Sciatica describes the pain experienced by a person who has one or more of their spinal nerve roots compressed. The pain is usually localized to the lower body, with sensations of pain and discomfort in the lower lumbar and lumbosacral regions of the body; these regions are innervated by the sciatic nerve, a long nerve that runs from the lower back down the leg. There are a number of causes for the compression of spinal nerve roots within the lower back that contribute to sciatica. Among these causes are degenerative disc disease, which is the breakdown of the cushions between the vertebrae of the spine; stenosis of the lumbar spine, which is the narrowing of the spinal column that puts pressure on the nerves; and the rapid weight gain from pregnancy. For some people, sciatica can cause immediate, debilitating pain; for others, sciatica only presents an intermittent and irritating pain. Either way, it is important to address the causes of sciatica and to seek treatment so that symptoms do not worsen over time and to prevent loss of strength and function in the lower extremity.
Symptoms of sciatica
Sciatica is characterized by pain, tingling, and numbness starting in the lower back and sometimes extending through the back of the thigh compartment and down the knee and toes. Usually, pain from sciatica is localized to one side of the body or the other. Depending on the case, the symptoms will vary. The most common symptoms are a feeling of “pins and needles” or tingling along the lower back and thigh and pain that becomes worse when in a seated position.
Sensations of pain can vary from shooting to tingling to burning depending on the cause of the sciatica. Furthermore, symptoms can include difficulty of movement and loss of function of the leg, depending on the severity of pain experienced. It is also possible to experience radiating weakness in the knees and toes as well. In the most extreme cases where symptoms are not addressed by a medical professional, it is possible to experience weakness or loss of bladder and bowel control.
Treatments for sciatica
It is important to seek the attention of a medical professional in order to diagnose cases of sciatica when these symptoms are present. Sciatica is usually detected through physical examination and health screening. Causes may vary, but can usually be identified in the initial physical examination.
Non-steroidal anti-inflammatory drugs (NSAIDs) such as Advil are sometimes used to provide immediate pain relief; however, they are not often very effective because the causes of sciatica are on-going. It is far more effective to couple pain relief efforts with treatments that work to resolve the causes of the sciatica as well.

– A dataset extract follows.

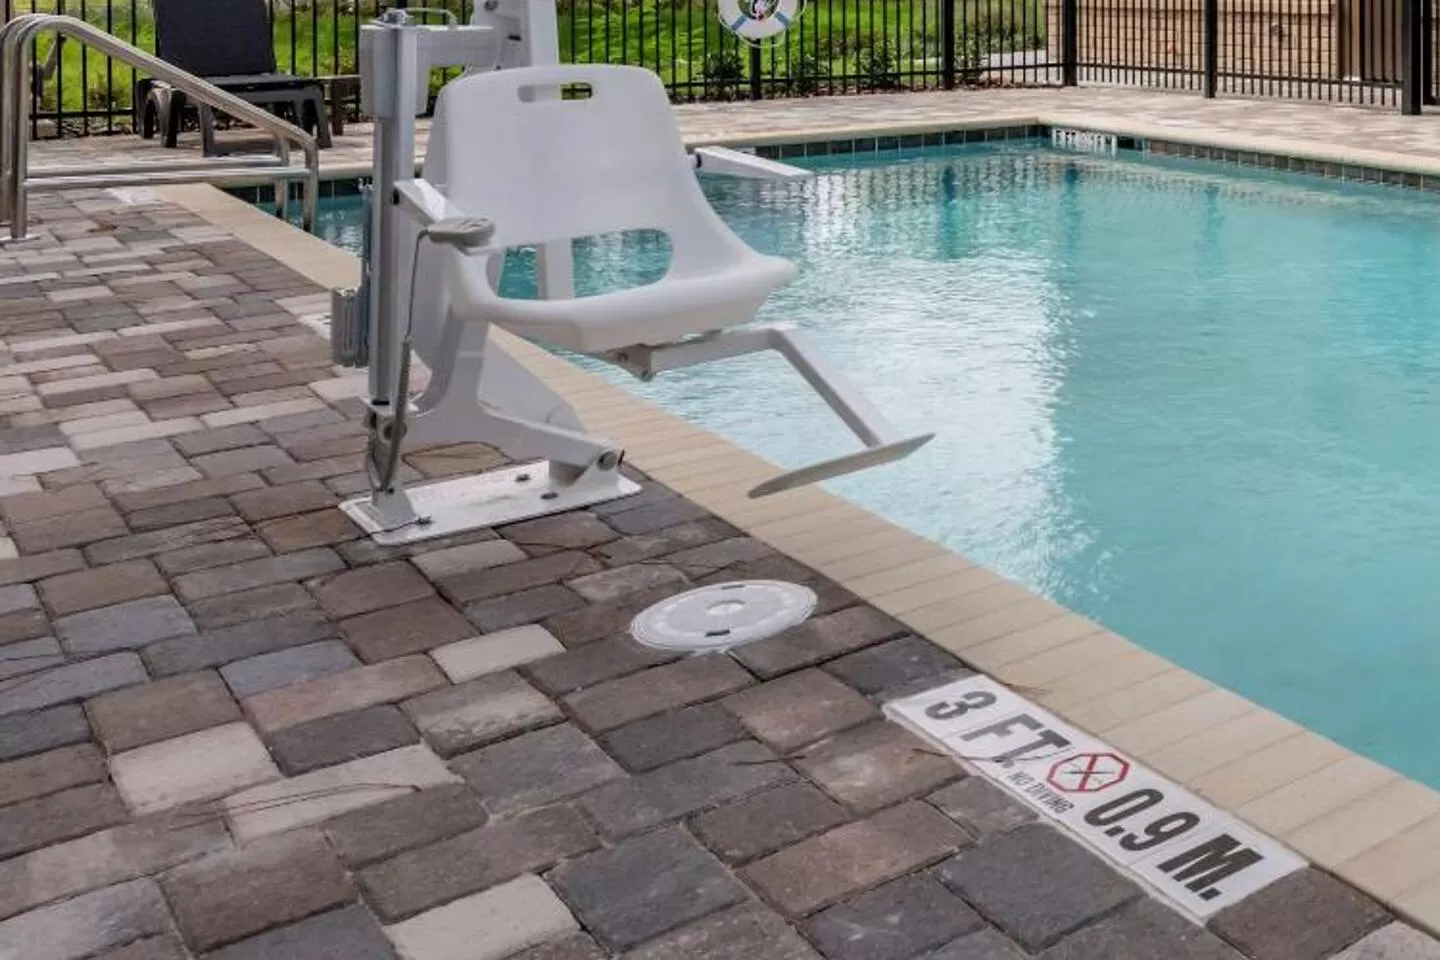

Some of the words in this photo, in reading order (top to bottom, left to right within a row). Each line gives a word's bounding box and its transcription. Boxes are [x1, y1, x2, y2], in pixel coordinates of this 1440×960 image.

Chiropractic care is a proven method for treating sciatica and providing pain relief. Spinal manipulation is a treatment modality which works to guide the spinal vertebrae back into alignment, alleviating pressure put on the spinal root nerves. Chronic inflammation which can arise as a consequence of long term sciatica can be treated with soft tissue modalities such as Active Release Technique, otherwise known as ART, the gold standard of soft tissue treatment. ART consists of the chiropractic identifying accumulations of fibrous adhesions, such as scar tissue, through touch and manual directional force to send the adhesions back into circulation, freeing up the soft tissue to have pain free range of motion.